WASHINGTON — The White House has beefed up its legal team. Its political team is ready to distract and disparage. And President Donald Trump is venting against Democratic prying.
Trump's plan for responding to the multiplying congressional probes into his campaign, White House and personal affairs is coming into focus as newly empowered Democrats intensify their efforts. Deploying a mix of legal legwork and political posturing, the administration is trying to minimize its exposure while casting the president as the victim of overzealous partisans.
"It's a disgrace, it's a disgrace for our country," Trump said at the White House on Tuesday as he accused Democrats of "presidential harassment."
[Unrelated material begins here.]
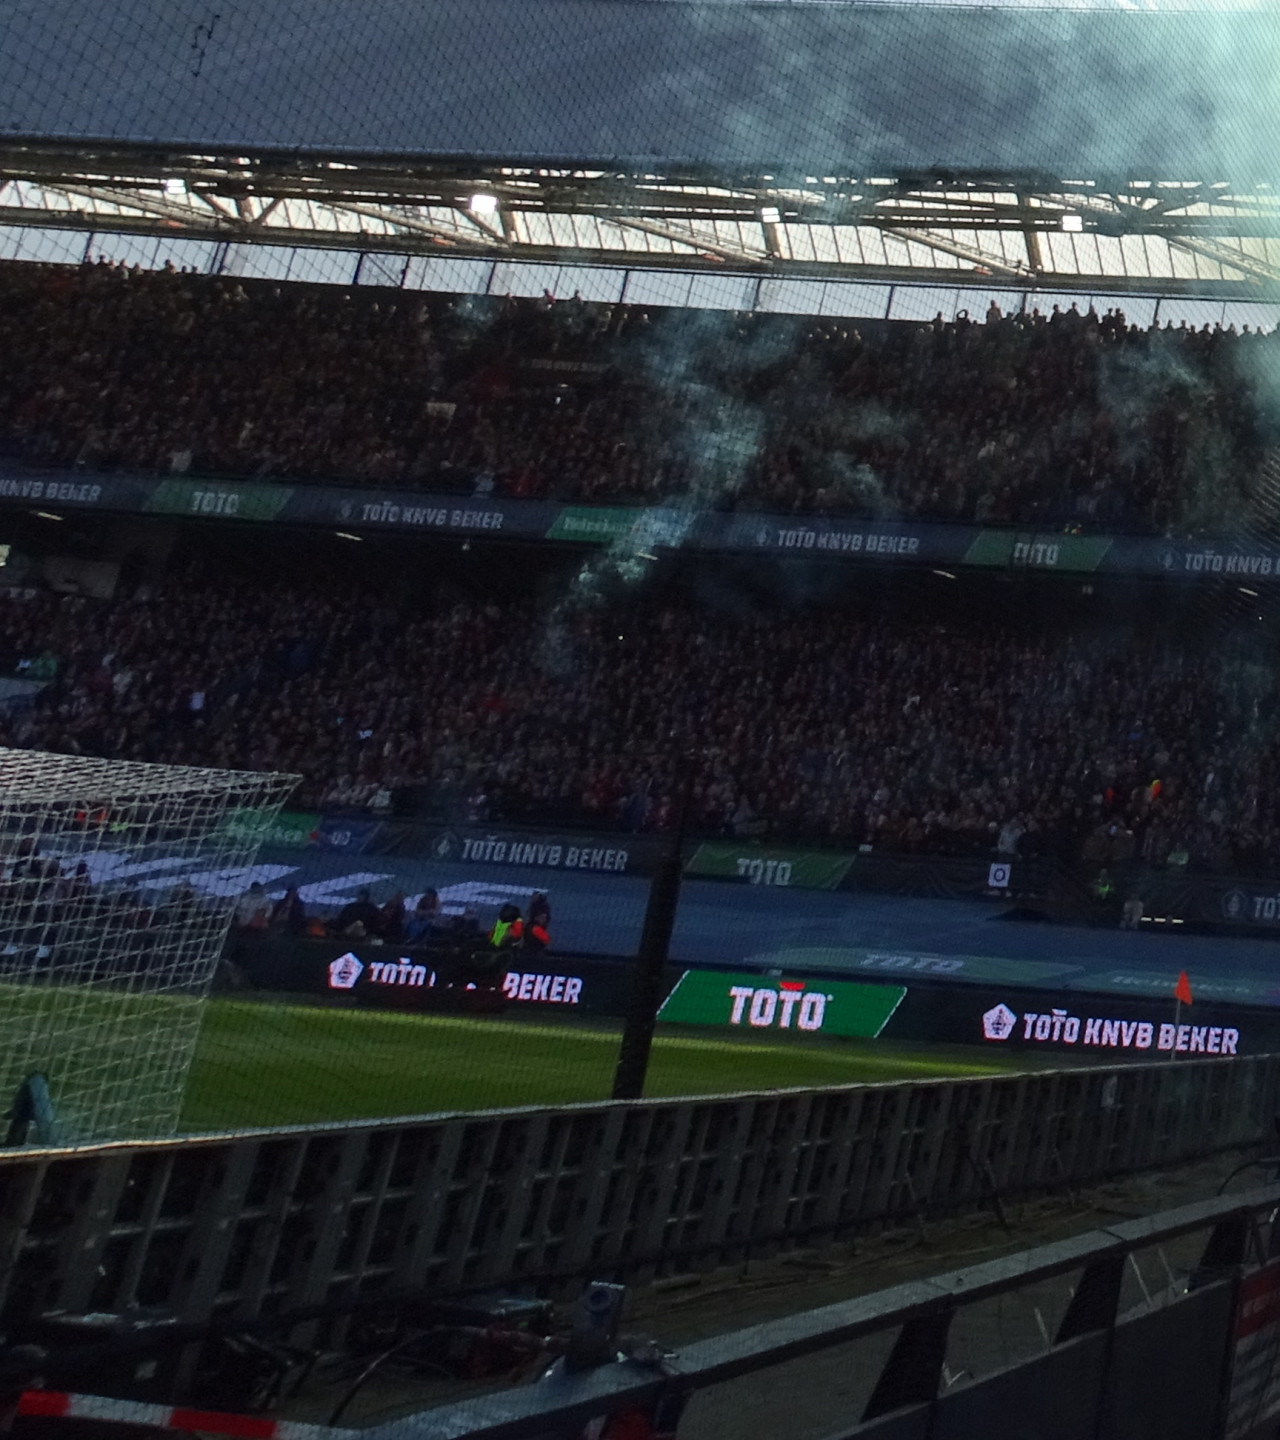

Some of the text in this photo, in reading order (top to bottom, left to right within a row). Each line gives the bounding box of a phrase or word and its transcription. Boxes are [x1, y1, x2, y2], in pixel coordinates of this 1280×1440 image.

Typically used to setting the national or global agenda, presidents are by definition on their back foot when they come under investigation. And the latest fusillade of requests for information has the Trump White House, already increasingly focused on the twin challenges of dealing with the probes and the 2020 election, in a reactive position.
Trump's response points to his increasing frustration with Congress and his intention to seize on the investigations as evidence that he is under siege in Washington.
While Trump is far from the first president to bristle at Capitol Hill oversight, his enthusiastic embrace of political victimhood is still novel — and stands to serve as a key part of his re-election argument. Trump has made railing against the so-called "witch hunt" against him a staple of his rallies and speeches, revving up crowds by mocking his investigators and news coverage of their proceedings.
That attitude was emphasized Tuesday by Trump's son Eric, who was among the 81 people and organizations that the House Judiciary Committee has contacted seeking documents as part of a probe into possible obstruction of justice, corruption and abuse of power. Calling Congress "incompetent," Eric Trump told Fox News Radio "we're going to fight the hell out of it. And we'll fight where we need and we'll cooperate where we need, but the desperation shows."
Aware that the shift to divided government would usher in an onslaught of investigations, the White House began making defensive moves late last year. Seeking to be ready for the Democratic-led House, more than a dozen lawyers were added to the White House Counsel's Office and a seasoned attorney was added to the communications team to handle questions related to the probes.
After Democrats took the House last November, Trump declared that they had to choose between investigating him and earning White House cooperation on matters of bipartisan concern like health care and infrastructure. Trump assessed publicly Tuesday that Democrats had made their choice, saying, "So the campaign begins."
His aides had already made that determination, with press secretary Sarah Sanders issuing an acerbic statement late Monday calling the Judiciary Committee probe a "disgraceful and abusive investigation." Trump's campaign spokeswoman, Kayleigh McEnany, accused Democrats of stopping "at nothing, including destroying the lives and reputations of many innocent Americans who only have sought to serve their country honorably, but who hold different political views than their own."
White House officials described their plan for addressing the mounting requests as multi-layered. Lawyers in the counsel's office plan to be cooperative, but are unlikely to provide Democrats with the vast array of documents they're looking for. In particular, they intend to be deeply protective of executive power and privilege — a defense used by previous administrations against probing lawmakers with varying degrees of success.
Trump said President Barack Obama "didn't give one letter" when his administration came under congressional investigation. But Obama spokesman Eric Shultz tweeted that the Obama White House produced hundreds of thousands of documents for various congressional inquiries.
Meanwhile, others in the White House and the president's orbit are preparing to do what they can to bring the fight to Democrats, preparing dossiers about Obama's invocation of executive privilege when House Republicans investigated his administration. And all acknowledge there is no chance that Trump will stop commenting and criticizing the investigations.